**WHAT THIS TASK INVOLVES:** Please set down all of the data below verbatim.

**Stored data entries:**
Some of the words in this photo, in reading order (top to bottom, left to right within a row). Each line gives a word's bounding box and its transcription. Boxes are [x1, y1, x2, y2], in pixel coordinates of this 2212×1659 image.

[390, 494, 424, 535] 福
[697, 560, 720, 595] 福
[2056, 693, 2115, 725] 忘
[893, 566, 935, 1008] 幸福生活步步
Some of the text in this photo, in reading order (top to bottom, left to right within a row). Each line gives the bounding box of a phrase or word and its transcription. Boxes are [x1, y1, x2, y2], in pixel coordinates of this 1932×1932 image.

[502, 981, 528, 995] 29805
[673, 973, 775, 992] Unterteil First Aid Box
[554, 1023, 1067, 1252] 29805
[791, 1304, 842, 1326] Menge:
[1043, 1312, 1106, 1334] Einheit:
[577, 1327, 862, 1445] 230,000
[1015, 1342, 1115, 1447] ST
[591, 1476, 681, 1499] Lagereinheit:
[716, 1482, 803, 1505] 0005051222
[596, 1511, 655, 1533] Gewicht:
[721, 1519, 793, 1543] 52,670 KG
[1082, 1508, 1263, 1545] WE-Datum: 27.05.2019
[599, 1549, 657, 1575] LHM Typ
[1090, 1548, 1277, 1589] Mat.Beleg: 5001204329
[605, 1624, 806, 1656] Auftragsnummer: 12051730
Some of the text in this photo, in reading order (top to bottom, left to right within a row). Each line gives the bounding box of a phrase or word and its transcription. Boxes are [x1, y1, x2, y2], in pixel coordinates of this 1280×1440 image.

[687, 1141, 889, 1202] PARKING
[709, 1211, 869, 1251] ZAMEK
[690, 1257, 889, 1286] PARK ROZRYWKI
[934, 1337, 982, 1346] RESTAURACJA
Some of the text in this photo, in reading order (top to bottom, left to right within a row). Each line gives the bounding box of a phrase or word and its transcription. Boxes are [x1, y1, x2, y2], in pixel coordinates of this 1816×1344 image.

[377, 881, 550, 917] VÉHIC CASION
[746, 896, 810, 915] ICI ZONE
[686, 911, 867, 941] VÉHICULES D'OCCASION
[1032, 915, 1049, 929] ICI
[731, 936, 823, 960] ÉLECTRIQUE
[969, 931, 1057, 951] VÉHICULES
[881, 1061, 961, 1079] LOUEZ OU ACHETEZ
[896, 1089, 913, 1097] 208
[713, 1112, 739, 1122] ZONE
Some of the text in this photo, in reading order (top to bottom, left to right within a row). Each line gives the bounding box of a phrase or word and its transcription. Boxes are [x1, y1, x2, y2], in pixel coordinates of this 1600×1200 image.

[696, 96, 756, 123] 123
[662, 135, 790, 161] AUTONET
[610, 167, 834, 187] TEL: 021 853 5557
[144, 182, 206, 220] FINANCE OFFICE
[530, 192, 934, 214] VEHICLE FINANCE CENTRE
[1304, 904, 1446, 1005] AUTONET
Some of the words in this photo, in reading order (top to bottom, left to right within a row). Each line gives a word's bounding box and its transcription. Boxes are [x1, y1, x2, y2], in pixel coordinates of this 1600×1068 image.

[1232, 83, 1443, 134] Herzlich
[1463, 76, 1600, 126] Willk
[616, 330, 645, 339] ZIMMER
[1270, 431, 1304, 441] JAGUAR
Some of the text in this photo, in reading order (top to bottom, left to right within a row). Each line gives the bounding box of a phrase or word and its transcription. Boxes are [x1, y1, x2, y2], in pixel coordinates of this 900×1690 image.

**ANSWER TO THIS PROBLEM:**
Some of the words in this photo, in reading order (top to bottom, left to right within a row). Each line gives a word's bounding box and its transcription. Boxes are [x1, y1, x2, y2], in pixel coordinates of this 2212×1659 image.

[390, 494, 424, 535] 福
[697, 560, 720, 595] 福
[2056, 693, 2115, 725] 忘
[893, 566, 935, 1008] 幸福生活步步
Some of the text in this photo, in reading order (top to bottom, left to right within a row). Each line gives the bounding box of a phrase or word and its transcription. Boxes are [x1, y1, x2, y2], in pixel coordinates of this 1932×1932 image.

[502, 981, 528, 995] 29805
[673, 973, 775, 992] Unterteil First Aid Box
[554, 1023, 1067, 1252] 29805
[791, 1304, 842, 1326] Menge:
[1043, 1312, 1106, 1334] Einheit:
[577, 1327, 862, 1445] 230,000
[1015, 1342, 1115, 1447] ST
[591, 1476, 681, 1499] Lagereinheit:
[716, 1482, 803, 1505] 0005051222
[596, 1511, 655, 1533] Gewicht:
[721, 1519, 793, 1543] 52,670 KG
[1082, 1508, 1263, 1545] WE-Datum: 27.05.2019
[599, 1549, 657, 1575] LHM Typ
[1090, 1548, 1277, 1589] Mat.Beleg: 5001204329
[605, 1624, 806, 1656] Auftragsnummer: 12051730
Some of the text in this photo, in reading order (top to bottom, left to right within a row). Each line gives the bounding box of a phrase or word and its transcription. Boxes are [x1, y1, x2, y2], in pixel coordinates of this 1280×1440 image.

[687, 1141, 889, 1202] PARKING
[709, 1211, 869, 1251] ZAMEK
[690, 1257, 889, 1286] PARK ROZRYWKI
[934, 1337, 982, 1346] RESTAURACJA
Some of the text in this photo, in reading order (top to bottom, left to right within a row). Each line gives the bounding box of a phrase or word and its transcription. Boxes are [x1, y1, x2, y2], in pixel coordinates of this 1816×1344 image.

[377, 881, 550, 917] VÉHIC CASION
[746, 896, 810, 915] ICI ZONE
[686, 911, 867, 941] VÉHICULES D'OCCASION
[1032, 915, 1049, 929] ICI
[731, 936, 823, 960] ÉLECTRIQUE
[969, 931, 1057, 951] VÉHICULES
[881, 1061, 961, 1079] LOUEZ OU ACHETEZ
[896, 1089, 913, 1097] 208
[713, 1112, 739, 1122] ZONE
Some of the text in this photo, in reading order (top to bottom, left to right within a row). Each line gives the bounding box of a phrase or word and its transcription. Boxes are [x1, y1, x2, y2], in pixel coordinates of this 1600×1200 image.

[696, 96, 756, 123] 123
[662, 135, 790, 161] AUTONET
[610, 167, 834, 187] TEL: 021 853 5557
[144, 182, 206, 220] FINANCE OFFICE
[530, 192, 934, 214] VEHICLE FINANCE CENTRE
[1304, 904, 1446, 1005] AUTONET
Some of the words in this photo, in reading order (top to bottom, left to right within a row). Each line gives a word's bounding box and its transcription. Boxes are [x1, y1, x2, y2], in pixel coordinates of this 1600×1068 image.

[1232, 83, 1443, 134] Herzlich
[1463, 76, 1600, 126] Willk
[616, 330, 645, 339] ZIMMER
[1270, 431, 1304, 441] JAGUAR
Some of the text in this photo, in reading order (top to bottom, left to right within a row). Each line gives the bounding box of a phrase or word and its transcription. Boxes are [x1, y1, x2, y2], in pixel coordinates of this 900×1690 image.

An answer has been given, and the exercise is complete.